++++ TASK INPUTS
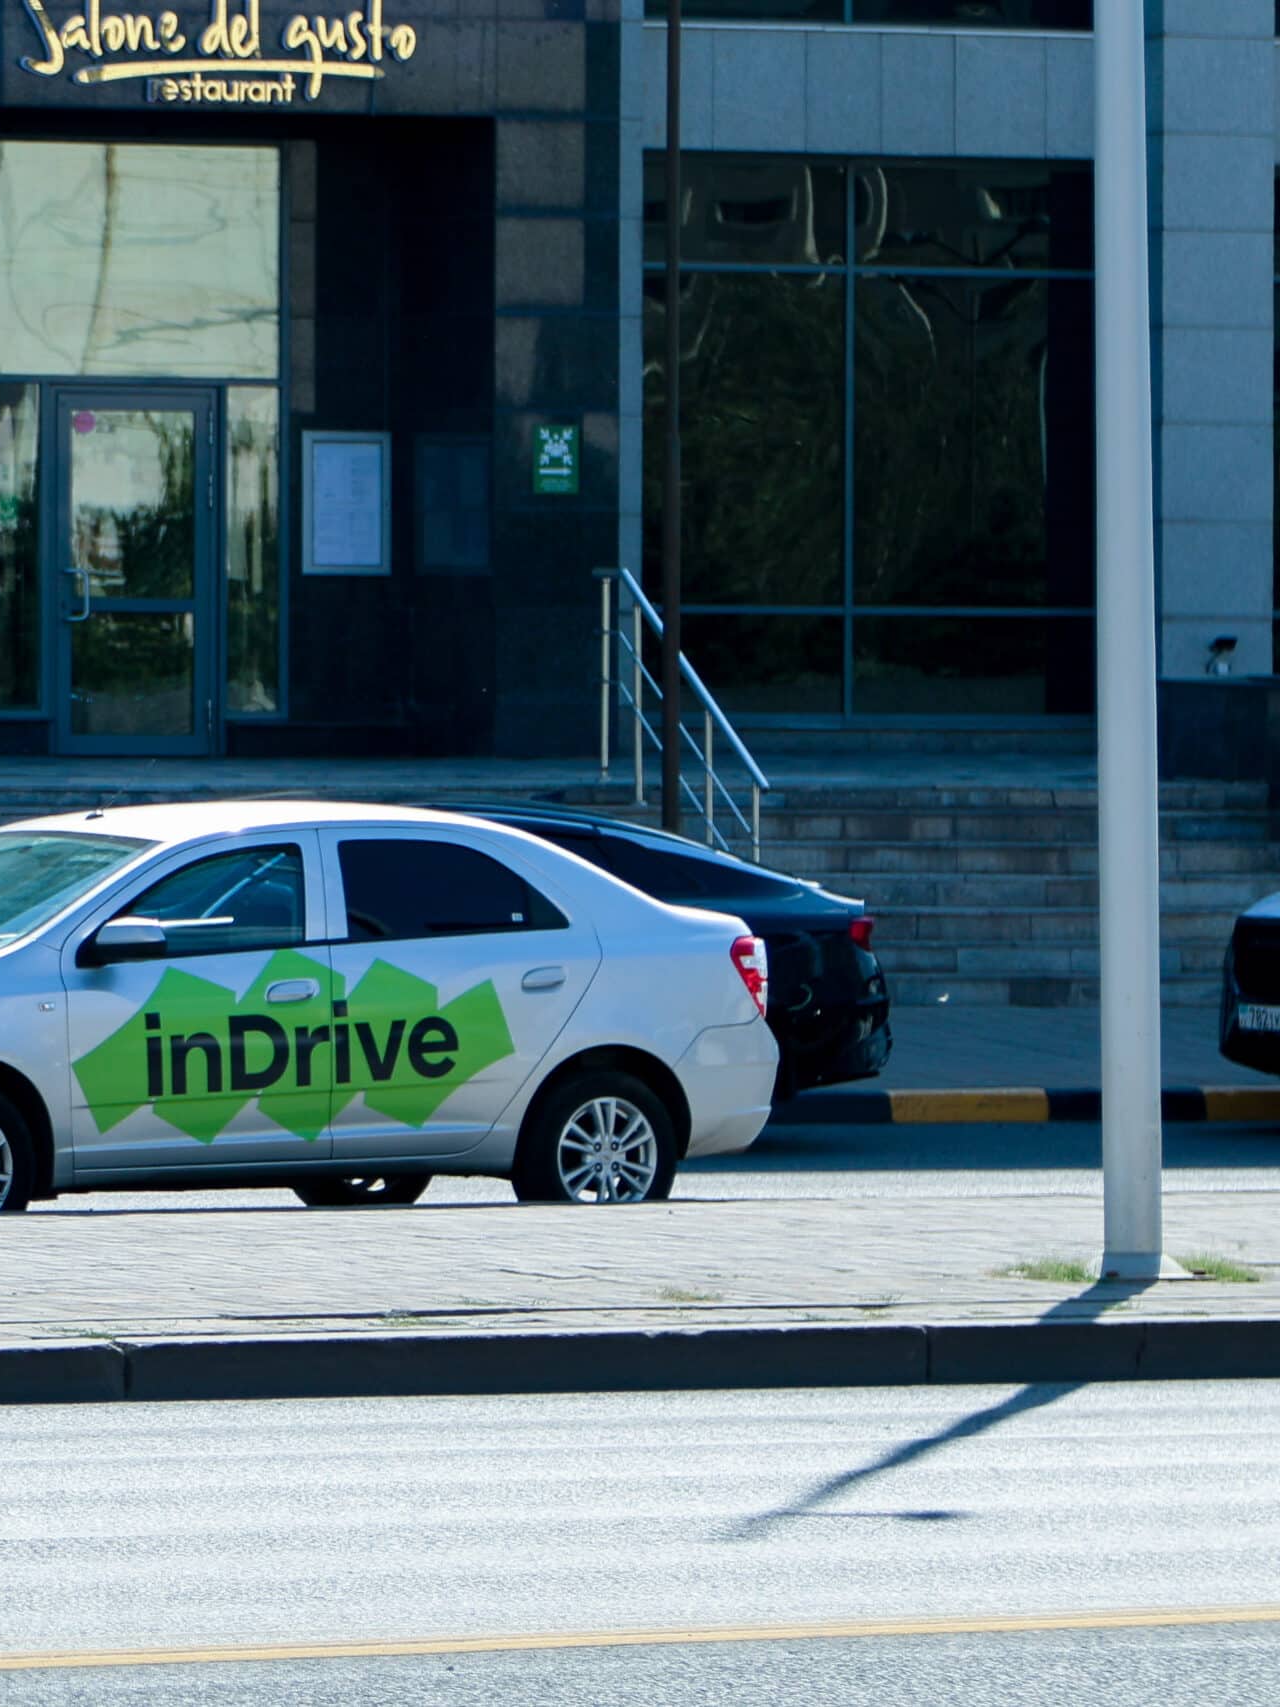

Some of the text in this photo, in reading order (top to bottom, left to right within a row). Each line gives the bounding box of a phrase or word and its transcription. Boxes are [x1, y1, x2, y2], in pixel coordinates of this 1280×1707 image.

[146, 72, 297, 103] restaurant
[197, 0, 261, 58] del
[282, 0, 417, 100] gusto
[145, 1000, 459, 1097] inDrive
++++++++
Give every entry again word for word; no images belong in the copy.

Some of the text in this photo, in reading order (top to bottom, left to right within a row). Each line gives the bounding box of a phrase or word and its transcription. Boxes are [x1, y1, x2, y2], in pixel coordinates of this 1280×1707 image.

[146, 72, 297, 103] restaurant
[197, 0, 261, 58] del
[282, 0, 417, 100] gusto
[145, 1000, 459, 1097] inDrive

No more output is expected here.